Granny allowed herself to smile. ‘Hold on to this girl, Finn. I like her!’

  ‘Funnily enough, so do I,’ he replied, looking directly at me. ‘In fact, I love her, Granny.’

  ‘Love me?’ I repeated with a dumb smile. I wanted to walk over to him but as soon as I put one foot in front of the other the punt started to rock again, this time more violently. ‘Watch out!’ Granny cried out. ‘We’ll all fall in and this jacket can only be dry-cleaned.’

  We missed a canoeist narrowly. Finn and I were laughing madly now. ‘I told you I was no good at this,’ he shouted.

  ‘All right, Mrs Greenwood, I’ll stay put because I can tell your boy from here that I love him too,’ I said. Granny raised an eyebrow, unmistakable amusement in her shiny eyes. ‘She loves you. You love her. Everything’s dandy. Now, can we get a curry? I’m bored and getting cold.’

  ‘Praise the Lord,’ Finn said, turning the punt around.

  CHAPTER TWELVE

  George lies on his bed refusing to get up.

  ‘It’s your first day back. You have to go.’

  ‘Leave me alone!’ he screams, bashing his head against the pillow.

  With all my might I pin down his legs and pull off his stripy blue pyjamas. George covers his crotch. ‘You’re not allowed to see my bits, Mum.’
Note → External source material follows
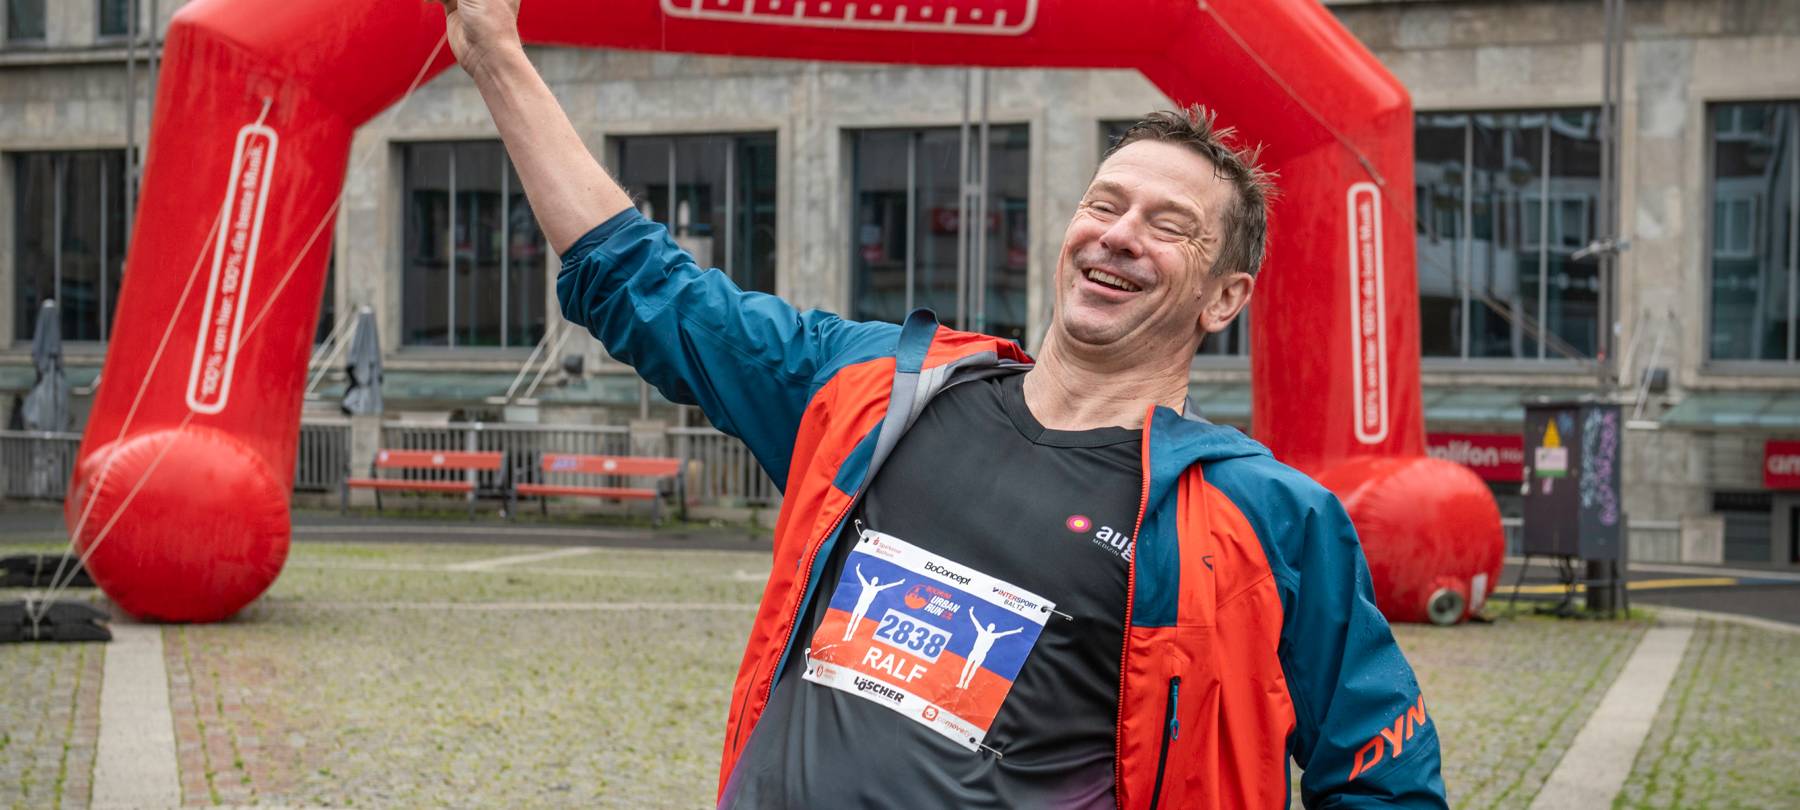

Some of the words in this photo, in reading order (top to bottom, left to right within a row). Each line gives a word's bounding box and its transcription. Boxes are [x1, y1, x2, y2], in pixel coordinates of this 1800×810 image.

  ‘I’m not looking,’ I tell him, unbuttoning his pyjama top. ‘Hey, how did you get that bruise?’ It’s on his right arm.

  ‘Football.’

  ‘Promise?’

  He nods without hesitation.

  I grab a hand and march him to the bathroom. Finn tells me I spoon feed George but what he doesn’t understand is that George can’t do it. Anyway, the child psychologist told me there was no harm in helping him get dressed. ‘There are bigger things to worry about,’ she’d said, ‘like his education.’

  ‘I won’t go to school. Over my dead body!’

  ‘You have no choice,’ I tell him.

  *

  Ten minutes later I sit on the loo seat watching George splash his face with cold water.

  ‘Have you brushed your teeth?’

  ‘Yes.’

  I hold up his brush. ‘It’s dry.’

  George takes it sullenly and then proceeds to squeeze the tube of toothpaste so hard that an enormous dollop lands on his Mickey Mouse brush and half of it falls onto the floor. ‘Other children don’t need their mummies to brush their teeth for them,’ is a conversation Finn and I have had over and over again. In fact, he and I still argue about pretty much every single aspect of George’s getting washed and dressed routine, so much so that he now won’t take part in it at all.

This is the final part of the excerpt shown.